#### [Exercise directions]
With the pictures left out, write every entry down exactly.
━━ Dataset records ━━
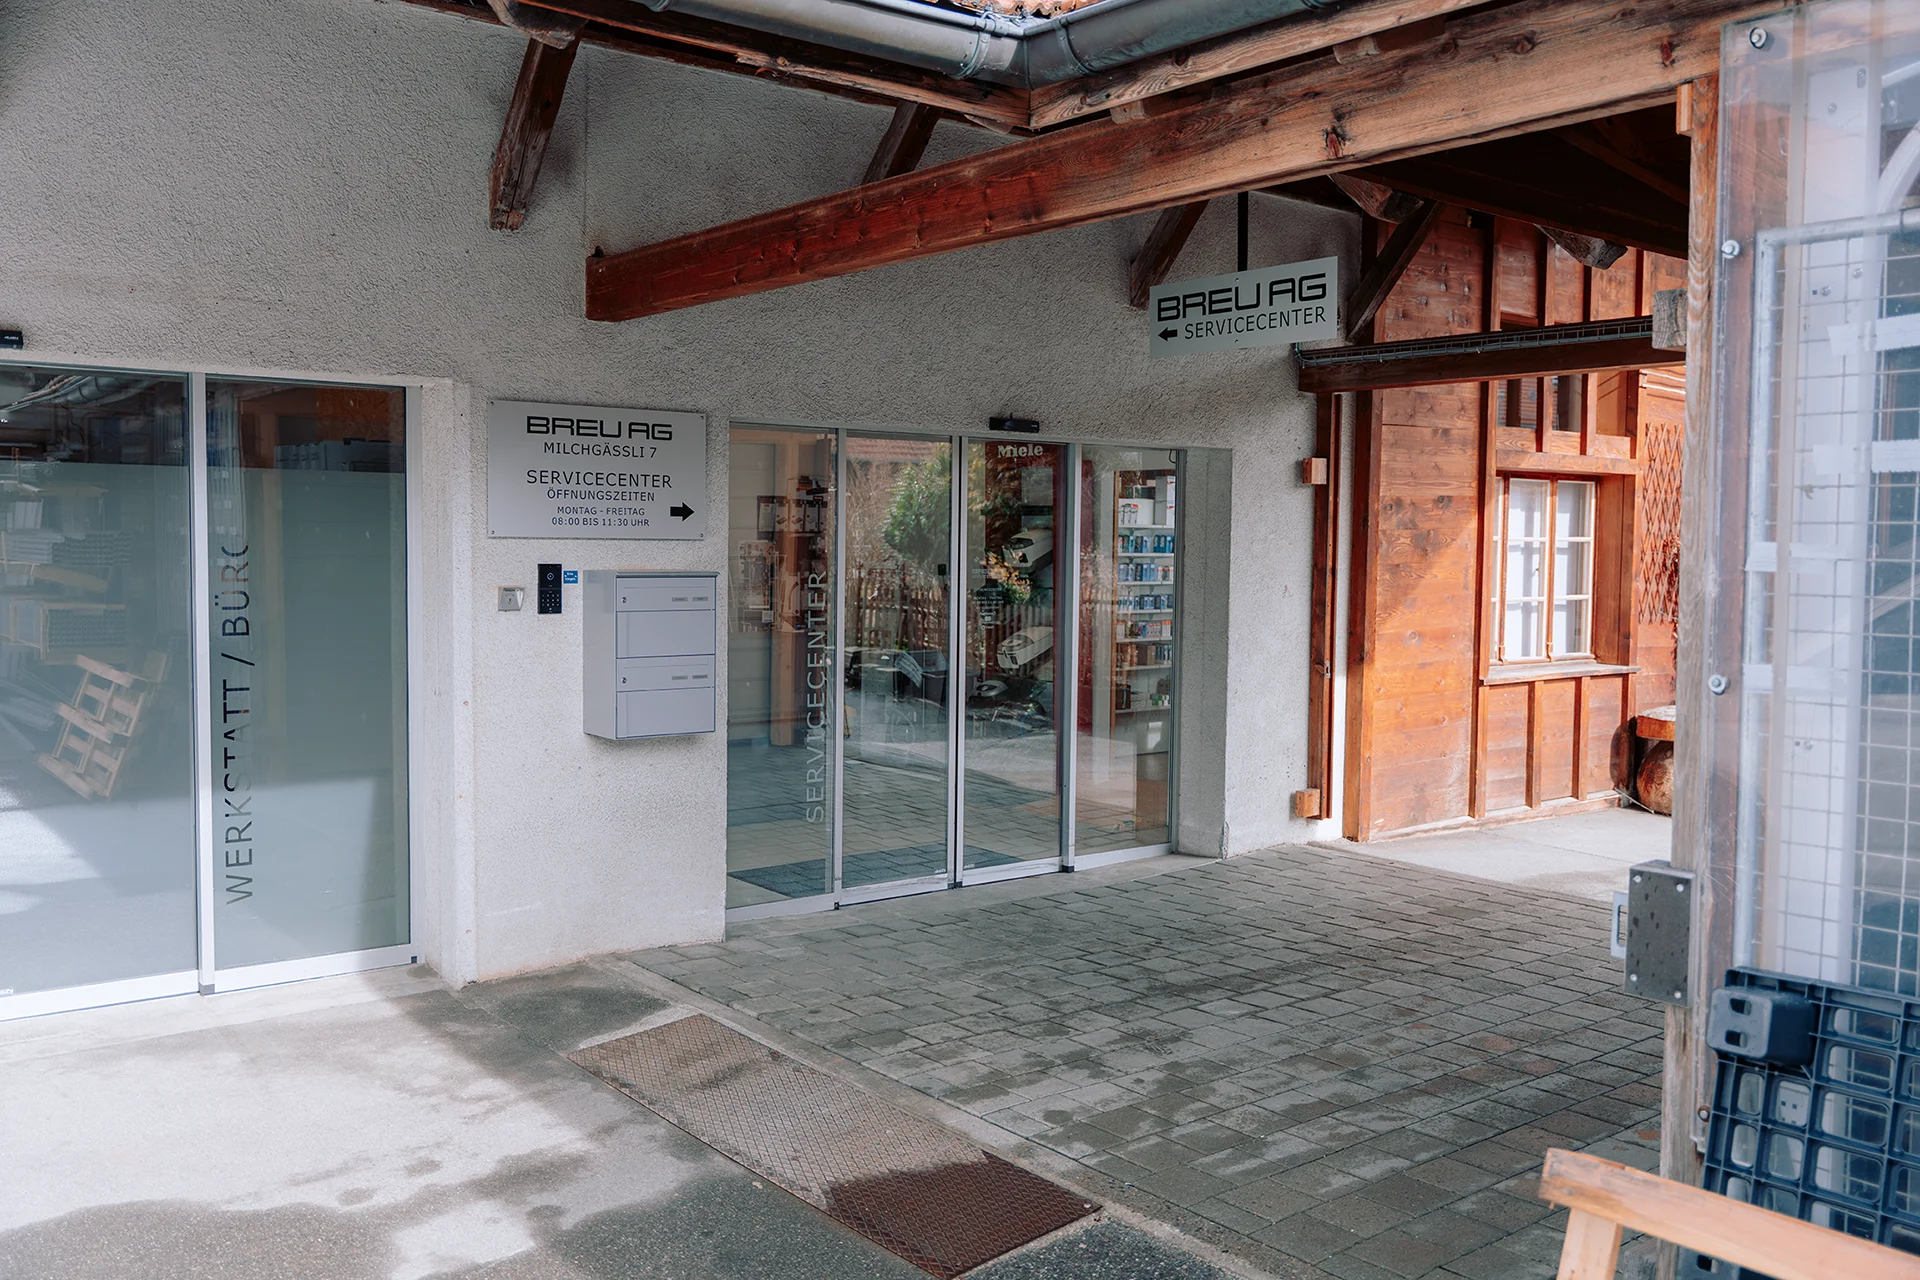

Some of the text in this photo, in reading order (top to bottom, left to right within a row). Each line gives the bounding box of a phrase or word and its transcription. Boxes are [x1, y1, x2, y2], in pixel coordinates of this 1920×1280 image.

[1157, 272, 1327, 322] BREU AG
[1184, 306, 1327, 339] SERVICECENTER
[526, 415, 672, 441] BREU AG
[543, 441, 657, 458] MILCHGÄSSLI 7
[997, 443, 1043, 458] Miele
[526, 469, 672, 488] SERVICECENTER
[546, 487, 655, 501] ÖFFNUNGSZEITEN
[557, 506, 597, 515] MONTAG
[606, 507, 645, 516] FREITAG
[552, 516, 650, 527] 08:00 BIS 11:30 UHR
[221, 652, 255, 667] /
[806, 572, 828, 824] SERVICECENTER
[222, 678, 253, 905] WERKSTATT
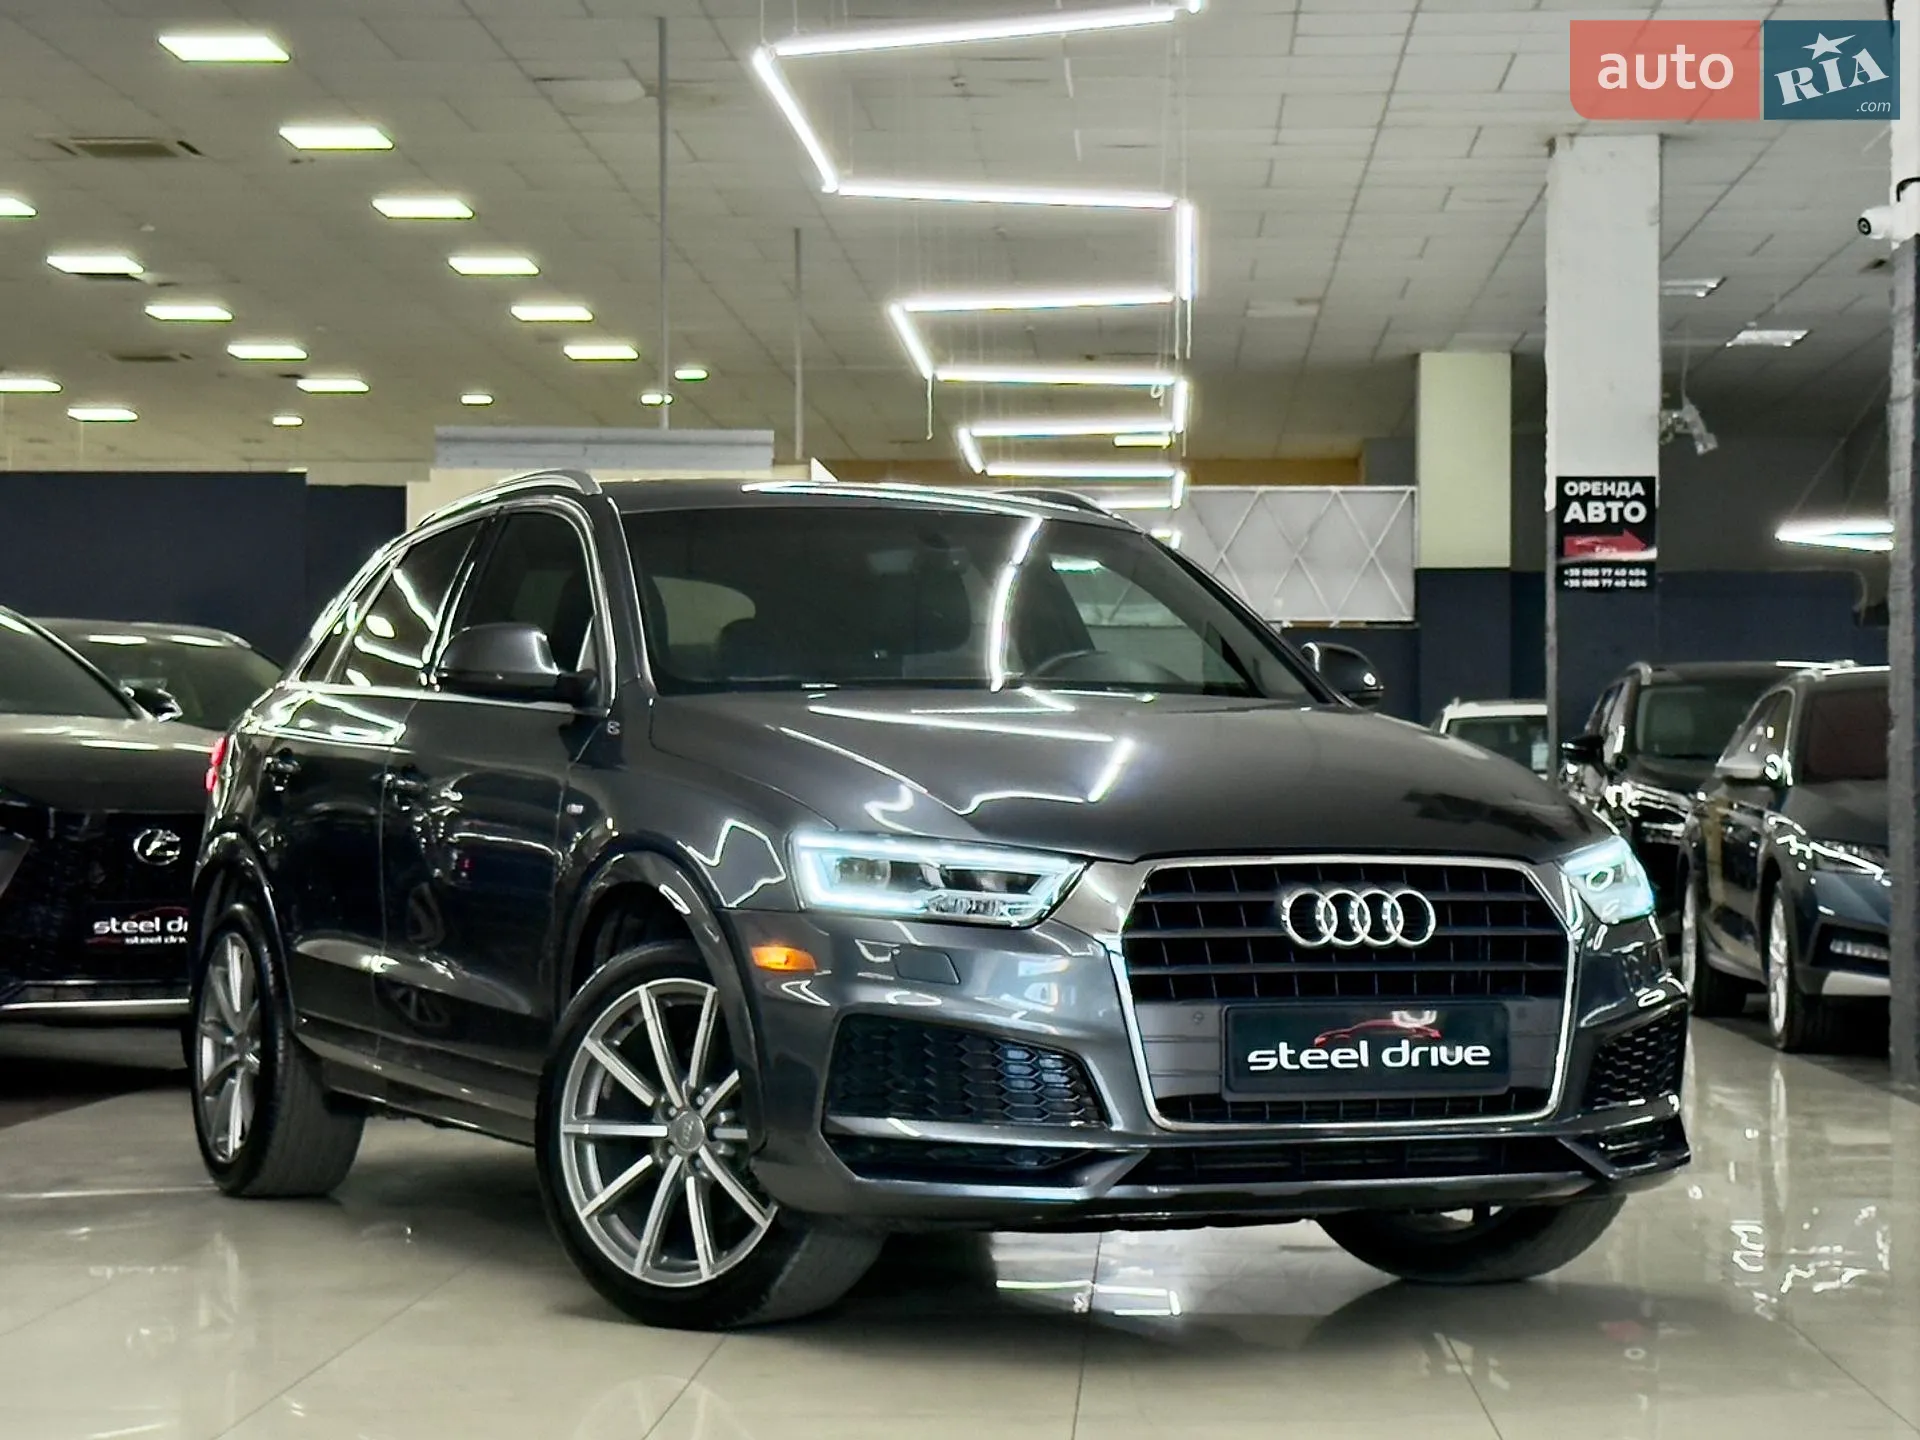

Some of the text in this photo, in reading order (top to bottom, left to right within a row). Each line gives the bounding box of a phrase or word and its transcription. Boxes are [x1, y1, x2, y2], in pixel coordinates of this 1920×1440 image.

[1564, 481, 1645, 498] ОРЕНДА
[1563, 501, 1647, 523] АВТО
[94, 916, 160, 934] steel
[1248, 1039, 1490, 1071] steel drive
━━━
#### [Solution for this task]
Some of the text in this photo, in reading order (top to bottom, left to right within a row). Each line gives the bounding box of a phrase or word and its transcription. Boxes are [x1, y1, x2, y2], in pixel coordinates of this 1920×1280 image.

[1157, 272, 1327, 322] BREU AG
[1184, 306, 1327, 339] SERVICECENTER
[526, 415, 672, 441] BREU AG
[543, 441, 657, 458] MILCHGÄSSLI 7
[997, 443, 1043, 458] Miele
[526, 469, 672, 488] SERVICECENTER
[546, 487, 655, 501] ÖFFNUNGSZEITEN
[557, 506, 597, 515] MONTAG
[606, 507, 645, 516] FREITAG
[552, 516, 650, 527] 08:00 BIS 11:30 UHR
[221, 652, 255, 667] /
[806, 572, 828, 824] SERVICECENTER
[222, 678, 253, 905] WERKSTATT

Some of the text in this photo, in reading order (top to bottom, left to right within a row). Each line gives the bounding box of a phrase or word and its transcription. Boxes are [x1, y1, x2, y2], in pixel coordinates of this 1920×1440 image.

[1564, 481, 1645, 498] ОРЕНДА
[1563, 501, 1647, 523] АВТО
[94, 916, 160, 934] steel
[1248, 1039, 1490, 1071] steel drive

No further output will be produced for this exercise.